Neurotech Receives Priority Review of BLA for NT-501 as a Treatment for Macular Telangiectasia Type 2 (MacTel)

The FDA has granted priority review of Neurotech Pharmaceuticals's biologic license application (BLA) for NT-501 (revakinagene taroretcel), an investigational encapsulated cell therapy for the treatment of Macular Telangiectasia Type 2 (MacTel). The designation means the agency determined the application is sufficiently complete to permit a review and aims to taken action with 6 months, compared to 10 months for standard review.

The application has a prescription drug user fee act (PDUFA) goal date of December 17, 2024.

“This is a significant achievement for Neurotech,” Richard Small, Chief Executive Officer, said in a company news release. “I would like to express my gratitude to our employees for reaching this important milestone.”

MacTel is a progressive, neurodegenerative disease of the retina that results in the deterioration of central vision. NT-501 is an ocular implant designed to deliver sustained therapeutic doses of ciliary neurotrophic factor (CNTF) directly to the retina to slow the progression of the disease.

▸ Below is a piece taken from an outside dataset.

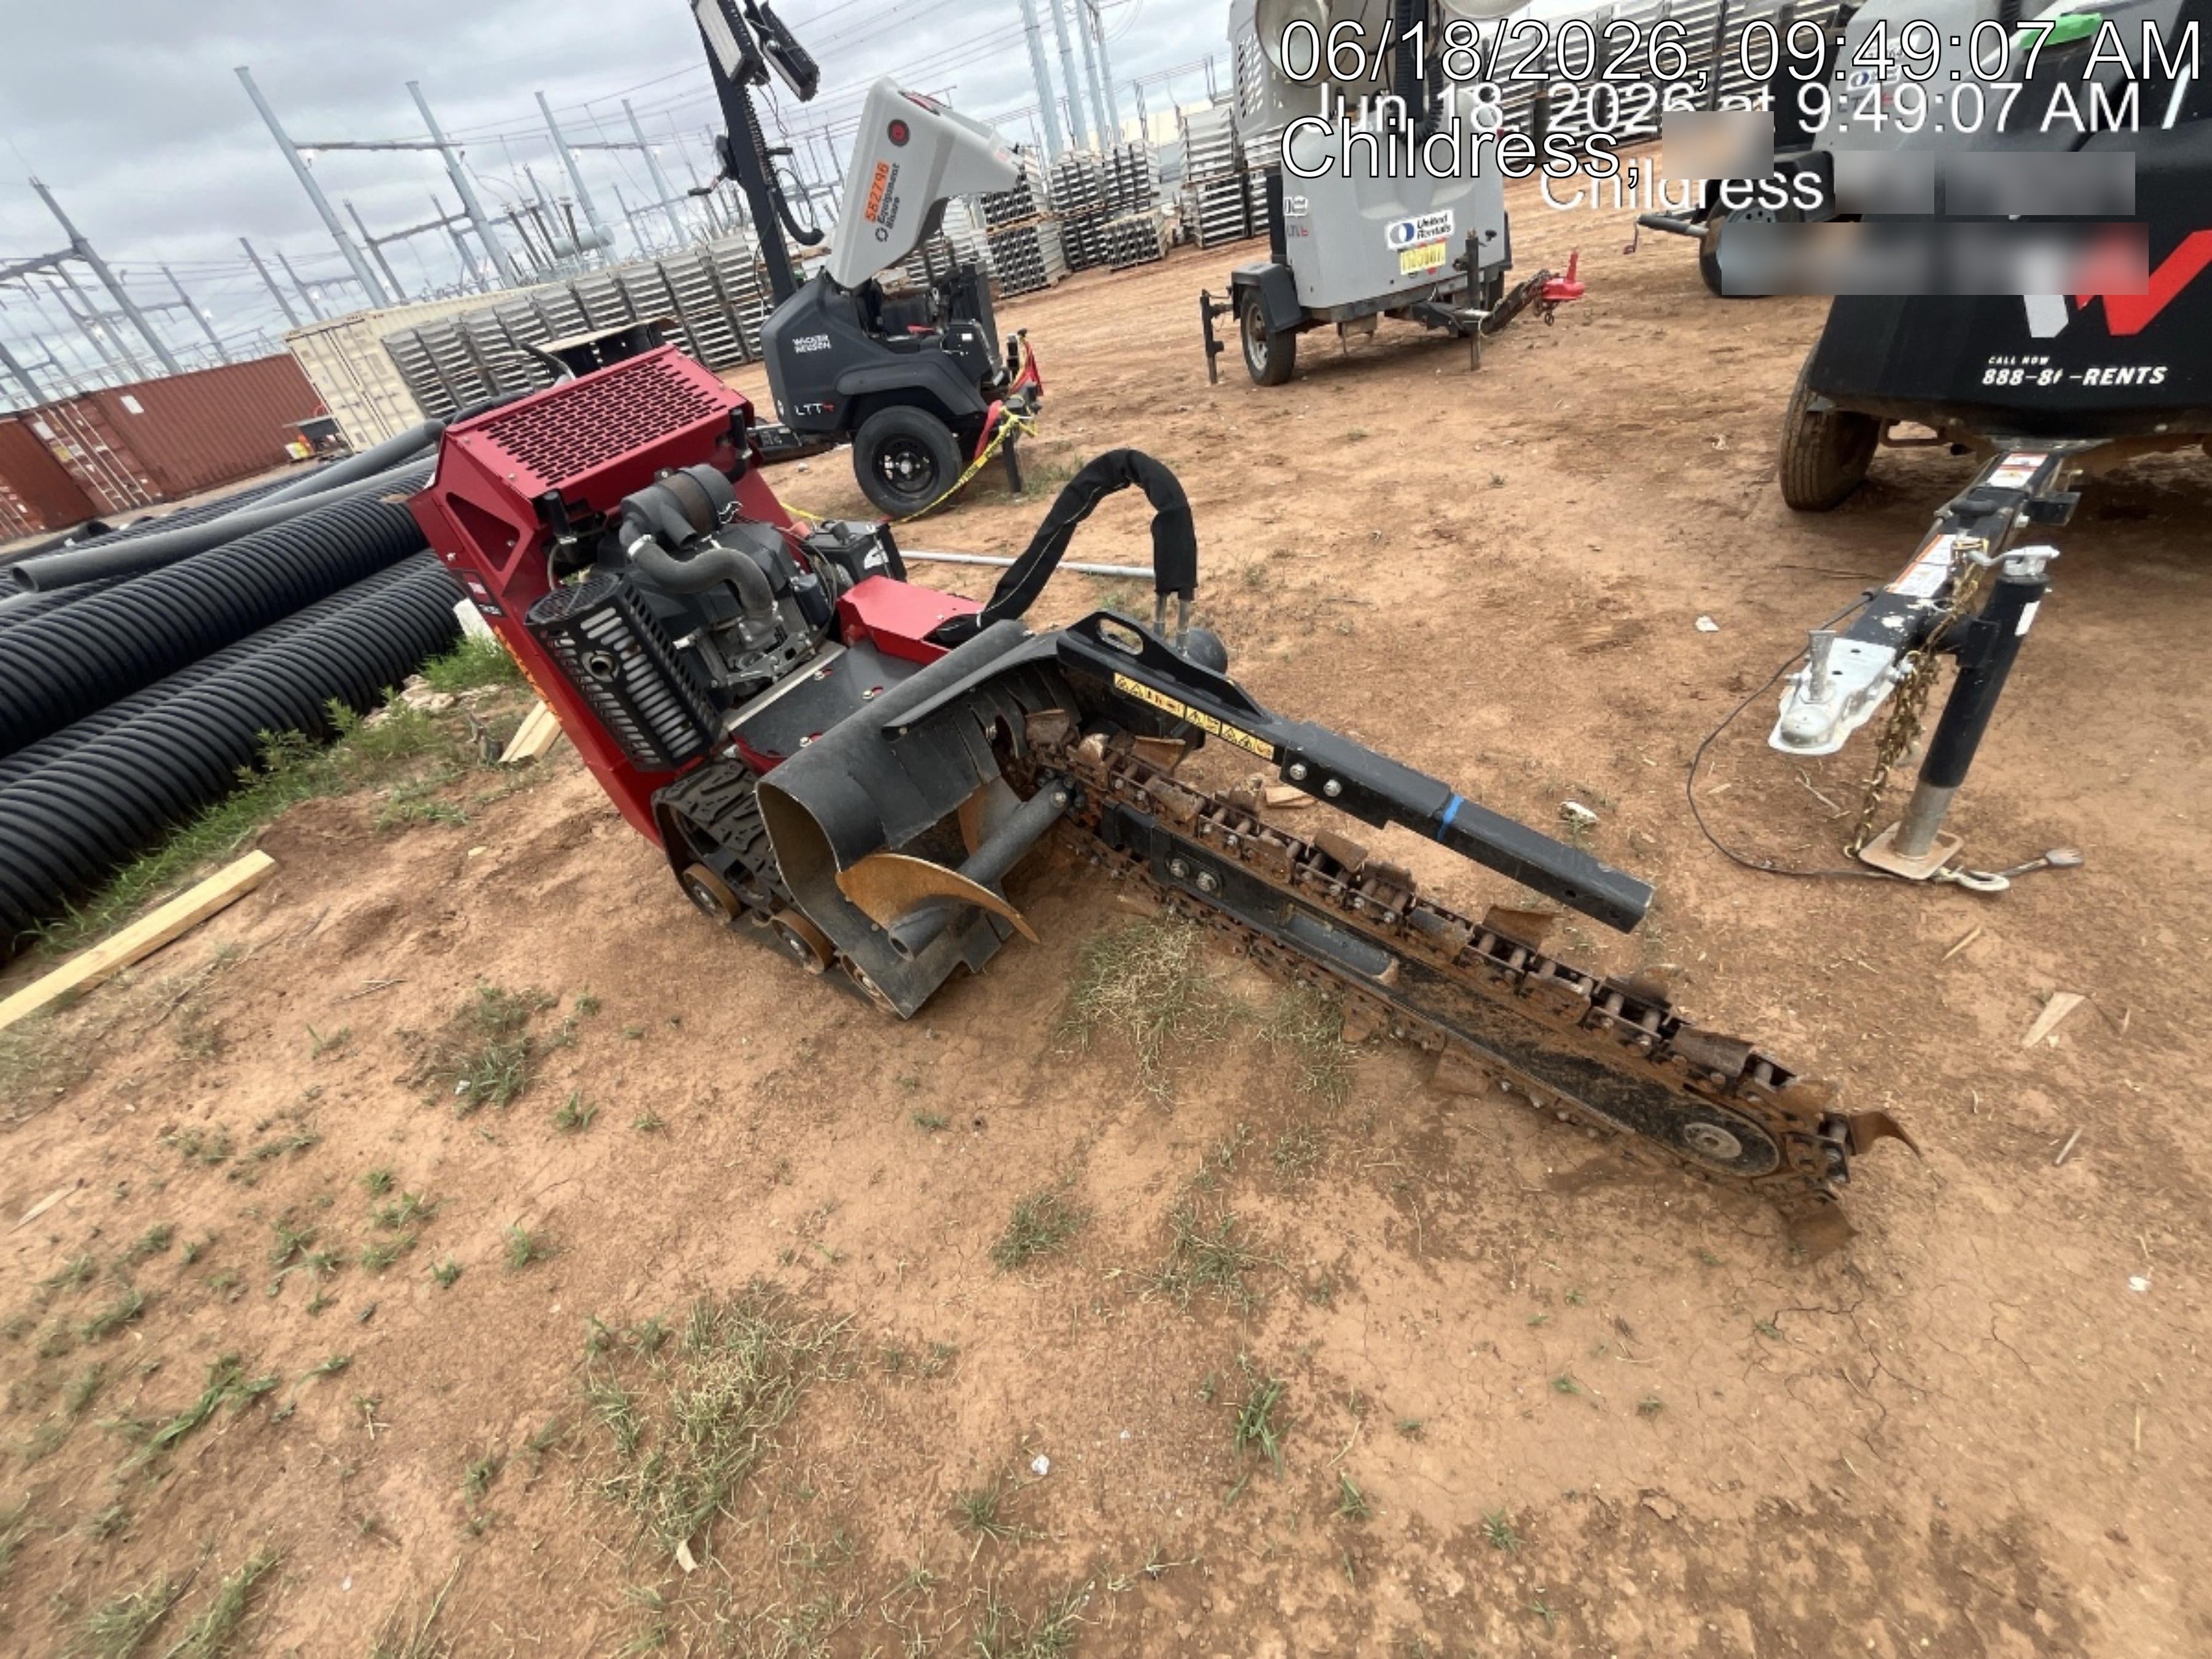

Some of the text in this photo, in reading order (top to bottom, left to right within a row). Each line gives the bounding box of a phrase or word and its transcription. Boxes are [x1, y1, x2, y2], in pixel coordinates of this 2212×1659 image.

[1417, 213, 1447, 229] United
[1417, 224, 1451, 240] Rentals
[1988, 356, 2050, 365] CALL NOW

NT-501 leverages the company's Encapsulated Cell Therapy (ECT) platform to deliver CNTF for the treatment of chronic retinal diseases, such as MacTel. CNTF is a neuroprotective protein that promotes the survival and maintenance of photoreceptors. This targeted therapy provides sustained delivery of CNTF, aiming to slow retinal degeneration and potentially improve long-term visual outcomes for patients.